Die Lagerhalle, die Bilder, Charral …
    Rasmi.
    Die Angst verlieh Adeen neue Kraft. Schwankend kam er auf die Beine und hustete, als er Rauch einatmete. Sein Kopf dröhnte, und als er sein Gesicht berührte, war es feucht von Blut.

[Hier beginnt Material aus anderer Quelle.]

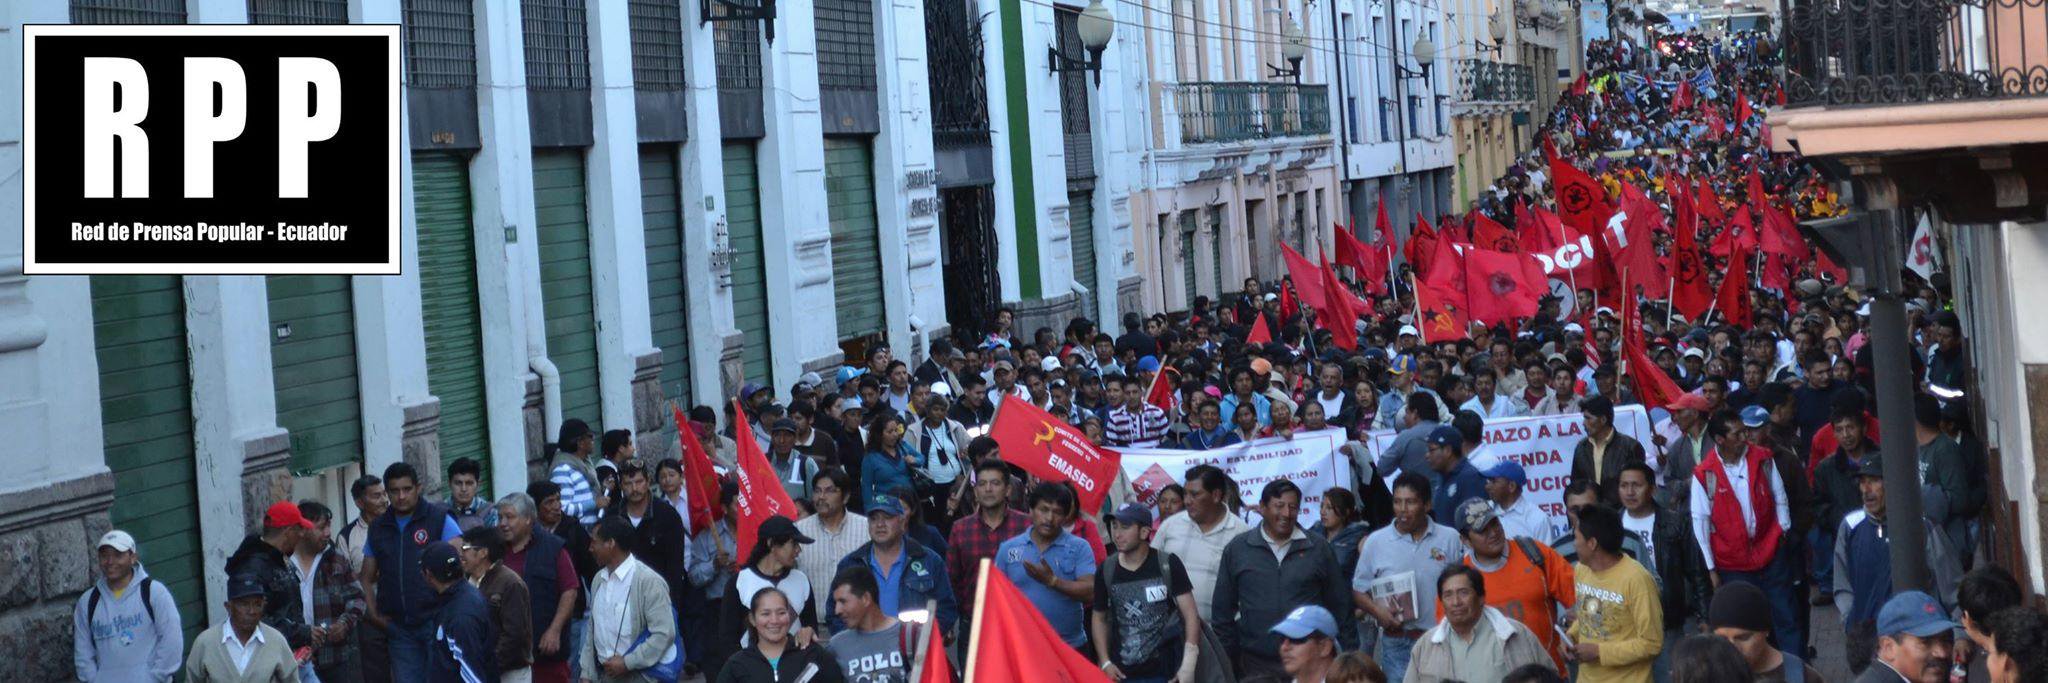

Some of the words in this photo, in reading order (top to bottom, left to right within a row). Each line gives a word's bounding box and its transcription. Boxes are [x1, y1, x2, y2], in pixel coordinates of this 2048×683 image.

[1538, 424, 1552, 439] A
[1557, 421, 1582, 437] LA
[1226, 447, 1303, 464] ESTABILIDAD
[1048, 453, 1095, 492] EMASEO
[848, 651, 903, 676] POLO

    Flammen schlugen aus dem Dach eines nahen Hauses. Mit lautem Knistern fraßen sie sich in die Balken und tauchten die Gasse in ihr zuckendes, rotes Licht. Wahrscheinlich hatte ein verirrter Feuerzauber das Dach in Brand gesetzt. In der Nähe hörte Adeen Stimmen und erkannte Charrals zornigen Befehlston, doch die Straße war leer. Der Kampf musste sich an einen anderen Ort verlagert haben. Vielleicht hatten die Rebellen einen Gegenangriff gewagt. Oder war es ihnen gelungen, sich rechtzeitig zurückzuziehen? Adeen würgte und bemühte sich darum, auf den Füßen zu bleiben. Er fühlte sich schrecklich hilflos. Charrals plötzliches Auftauchen ließ ihn ahnen, dass sie von Anfang an keine Aussicht auf Erfolg gehabt hatten. Vor seinen Augen schien sich die Welt aufzulösen in Ascheflocken.
    Dann sah er Rasmi, nur wenige Schritte neben sich, ein schmaler, regloser Körper, schwarz im Feuerschein. Er lag auf dem Bauch, den Kopf zur Seite gedreht, mit offenen Augen. Zwischen seinen Schultern klaffte ein Loch, umrahmt von zerrissener und verkohlter Kleidung. Blut war nirgends zu sehen. Adeen trat einen Schritt auf ihn zu, dann noch einen – er wusste, dass Rasmi tot war, aber er konnte es nicht fassen. Rasmis Körper sah so fremd aus, wie er dalag, gar nicht mehr wie ein Mensch. Als wäre es nur ein Bündel Lumpen, das man auf die Straße geworfen hatte. Ein Luftzug bewegte sein weißes Haar.
    Adeen sank auf die Knie. Es musste ein Blitzzauber gewesen sein. Es hieß, dass einem das Herz sofort stehenblieb, wenn diese Magie direkt in den Körper einschlug. Der Zauber … er hatte selbst gespürt, wie er getroffen und von den Füßen gerissen worden war, aber er lebte noch, und Rasmi war tot. Die Gedanken wanderten durch seinen Kopf, immer und immer wieder, ohne dass er wirklich verstand, was geschehen war. Das Prasseln der Flammen, die Stimmen der Soldaten in den benachbarten Gassen, der Kampf, alles war plötzlich weit weg. Es betraf ihn nicht mehr. Die Welt war zusammengeschrumpft auf dieses Stück Straße, wo er neben Rasmis Leiche kauerte und den Blick nicht von ihr lösen konnte. Er empfand nichts, als hätte die Leere, die er in Rasmis Augen sah, auch ihn erfasst.
    »He! Adeen! Bist … bist du das?«
    Der Schreck zuckte durch Adeens Körper, als er die Stimme hörte, mehr ein mühsames Krächzen als Worte. Schnell sprang er auf.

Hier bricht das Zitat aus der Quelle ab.